Twelve years later, the gangland murder of Victor Filocamo is still generating arrests. Reputed Luchese crime family capo Joseph Tangorra, 51, and soldier Joseph Truncale, 69, yesterday became the latest entangled in the murder of Filocamo, who authorities said was killed because his fellow mobsters thought he was an informer.


The two men were indicted yesterday in federal court in Brooklyn on a host of charges, including murder, cocaine trafficking, extortion, arson to intimidate business owners and loan-sharking. Five other reputed Luchese members and associates were also charge: Eugene Castelle, John Castellucci, Scott Gervasi, Robert Greenberg and Lester Ellis. All seven men pleaded not guilty in an arraignment yesterday before U.S. Magistrate Judge Marilyn Go.


After the hearing, most of the defense lawyers declined to comment. VINCENT ROMANO, an attorney for Tangorra, said his client denied accusations that he is a member of organized crime.


The charges involve the activities of a wing of the Luchese family known as the Bensonhurst Crew. Federal prosecutors said Tangorra and Castelle, 40, took over the crew after the previous leadership – George Conte, Frank Papagni and George Zappolla – was indicted in 1996 and sent to prison.


According to an informant’s account in a 1995 FBI internal memo filed in federal court, Luchese boss Vic Amuso and underboss Anthony Cass ordered the October, 1988, hit because they thought Filocamo was secretly cooperating with the government. Federal officials would not say if he really was an informant.

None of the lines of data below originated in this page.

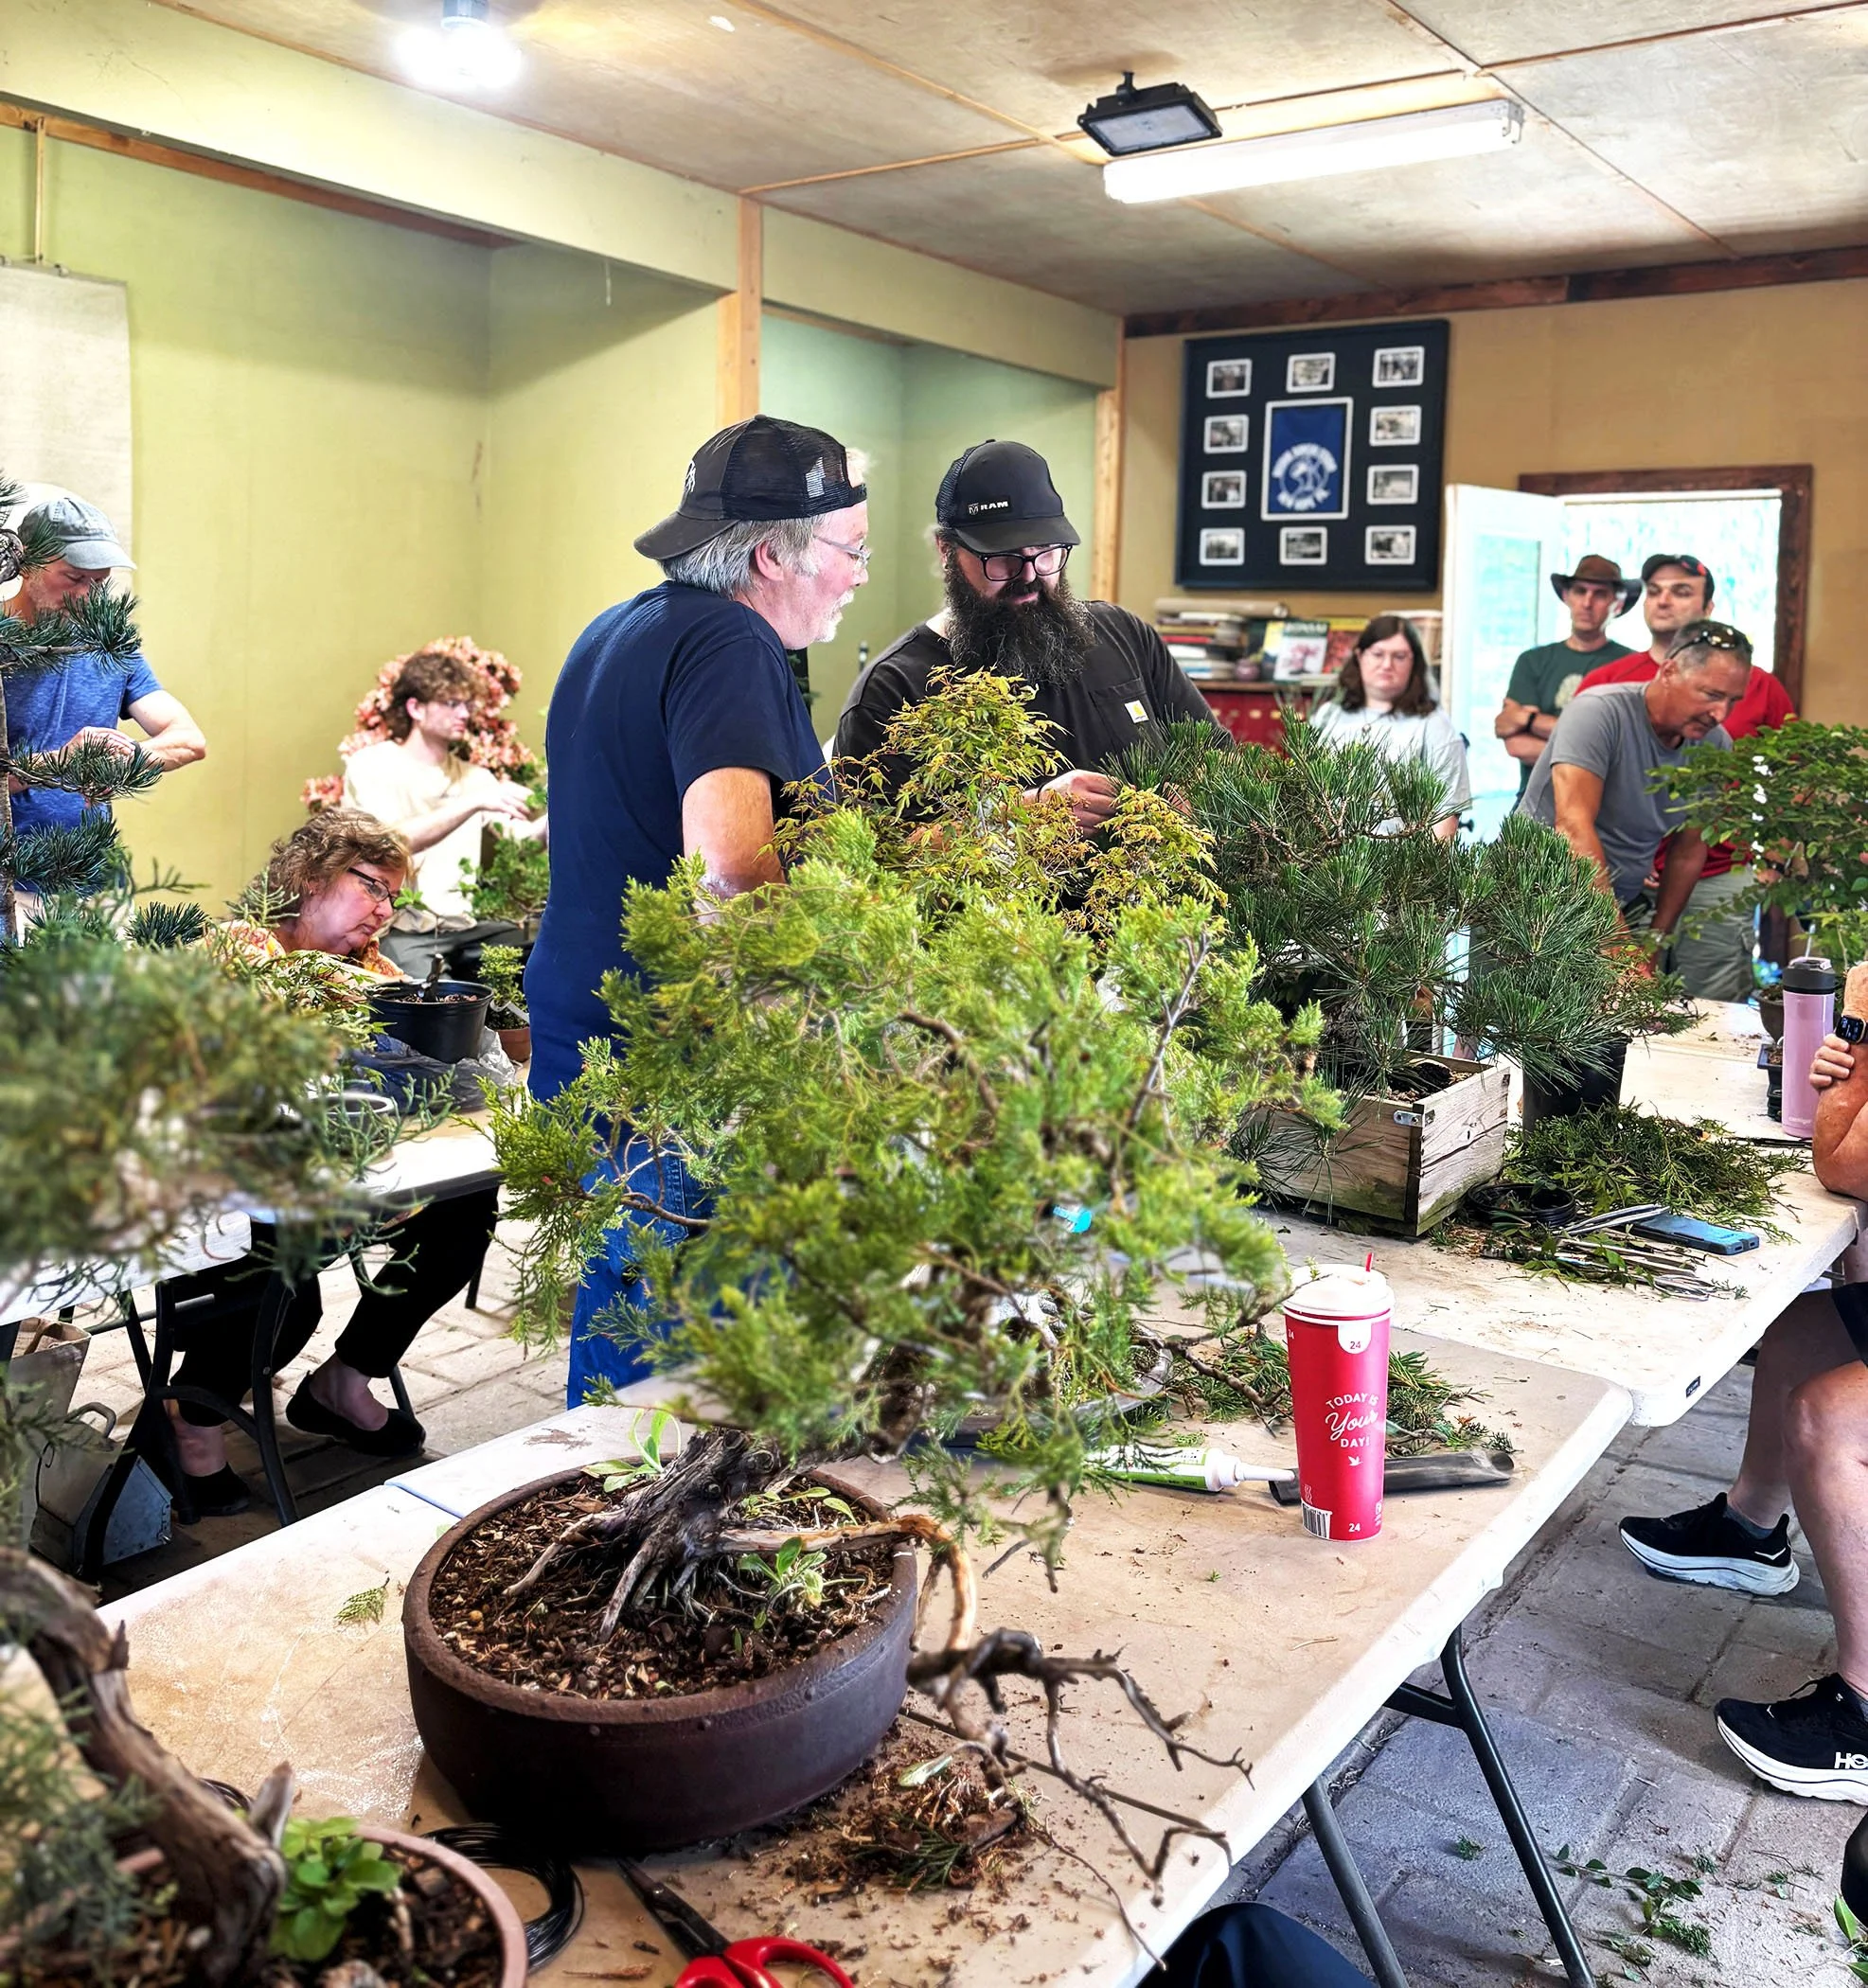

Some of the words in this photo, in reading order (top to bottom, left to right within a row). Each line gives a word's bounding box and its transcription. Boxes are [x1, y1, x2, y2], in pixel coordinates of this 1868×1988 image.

[980, 501, 1009, 511] RAM
[1349, 1340, 1361, 1350] 24
[1325, 1393, 1368, 1410] TODAY
[1325, 1409, 1379, 1441] Your
[1340, 1435, 1370, 1448] DAY!
[1348, 1522, 1361, 1533] 24
[1834, 1751, 1868, 1769] HO

Truncale and Conte were given the assignment, the informant told agents. They allegedly lured Filocamo to Tangorra’s social club on 78th Street off 13th Avenue in Brooklyn.

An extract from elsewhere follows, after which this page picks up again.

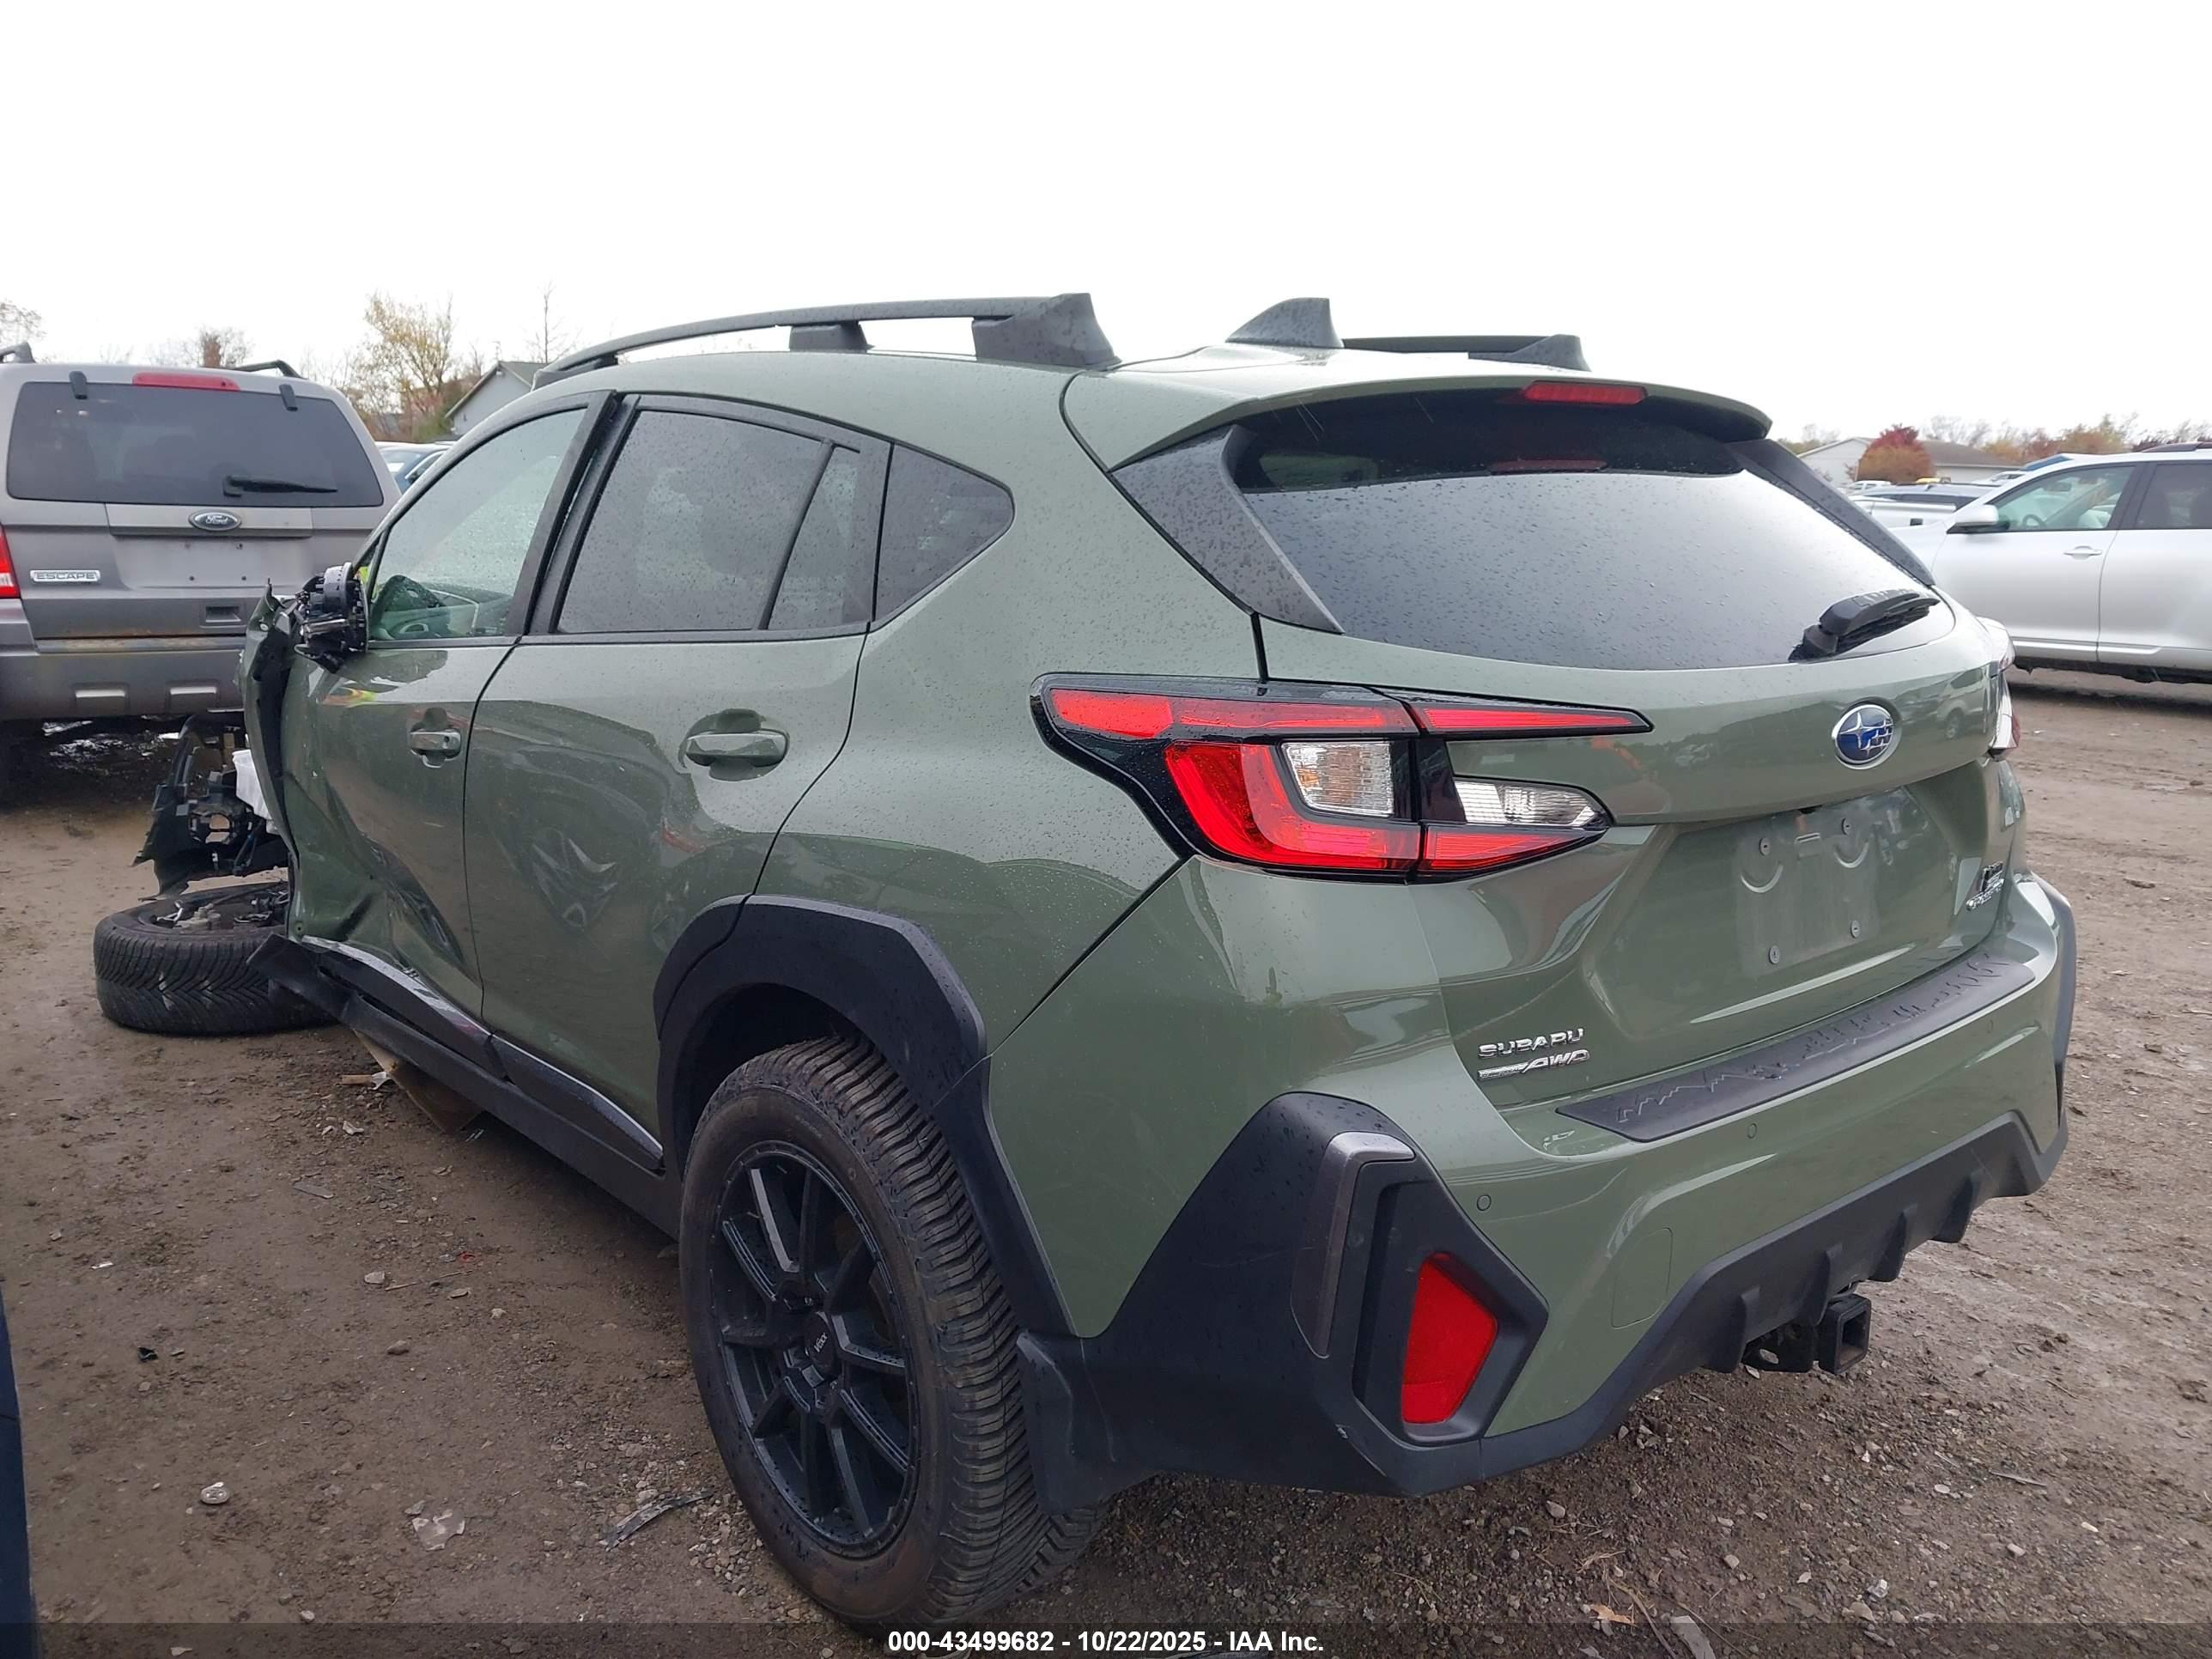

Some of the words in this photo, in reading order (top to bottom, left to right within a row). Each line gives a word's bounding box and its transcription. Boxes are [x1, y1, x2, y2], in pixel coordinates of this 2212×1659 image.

[35, 571, 97, 580] ESCAPE
[1478, 1028, 1584, 1058] SUBARU
[1522, 1048, 1590, 1073] AWD

Conte sent Truncale to retrieve a machine gun with a silencer from a car, the informant said. Conte grabbed the gun from Truncale, who had been fumbling with it, and sprayed bullets into Filocamo, the memo said.


The informant claimed that Conte did it to “impress everyone present.” Truncale and Tangorra stuffed Filocamo into the trunk of his own white BMW and dumped the car in a parking lot, the memo said.

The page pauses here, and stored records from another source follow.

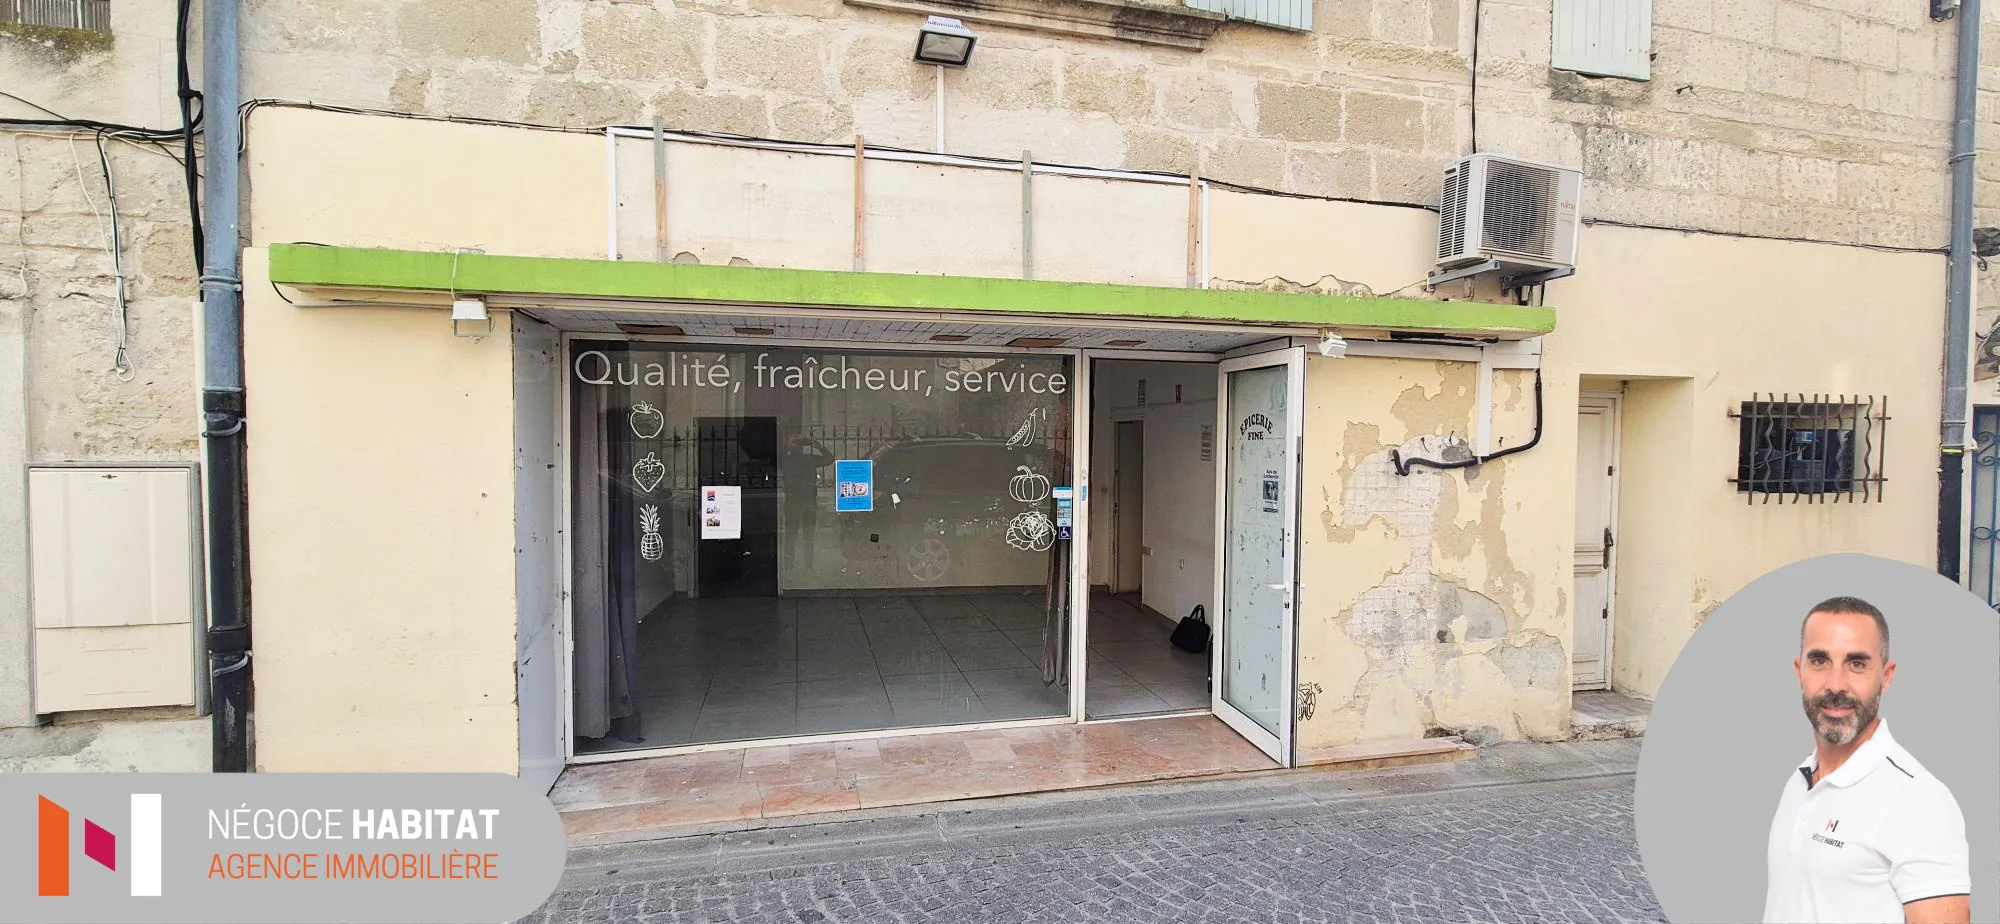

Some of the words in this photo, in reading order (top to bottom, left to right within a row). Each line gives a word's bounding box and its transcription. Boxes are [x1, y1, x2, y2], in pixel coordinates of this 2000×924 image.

[574, 350, 741, 393] Qualité,
[753, 352, 932, 397] fraîcheur,
[944, 363, 1067, 394] service
[1240, 413, 1273, 436] EPICERIE
[1247, 431, 1264, 441] FINE

Back at the club, the informant claimed, Tangorra, who got his nickname “Joey Flowers” because he ran a flower shop, was on his hands and knees trying to scrape the blood off the floor, according to the memo. The mobsters discussed burning the blood with a lighter, but they eventually decided on replacing the floor tiles, the informant told the FBI.


Shortly after Filocamo’s murder, the informant said, Conte and Truncale became “made” Luchese members.


Tangorra and Ellis, 50, are also accused of shooting Henry Motta in the back of a stairwell in 1992 because he owed them money. Motta remains confined to a wheelchair, a law-enforcement source said.


“The Bensonhurst crew was a full-service operation,” said Loretta Lynch, the U.S. attorney for the Eastern District of New York, whose office is prosecuting the case along with Brooklyn District Attorney Charles Hynes. “For too long, these defendants victimized a part of our community.”


For Tangorra, it is his third indictment in seven months. He is also accused in a loan-sharking indictment filed in Brooklyn last May and, in a state case filed in Manhattan, of racketeering in the construction industry.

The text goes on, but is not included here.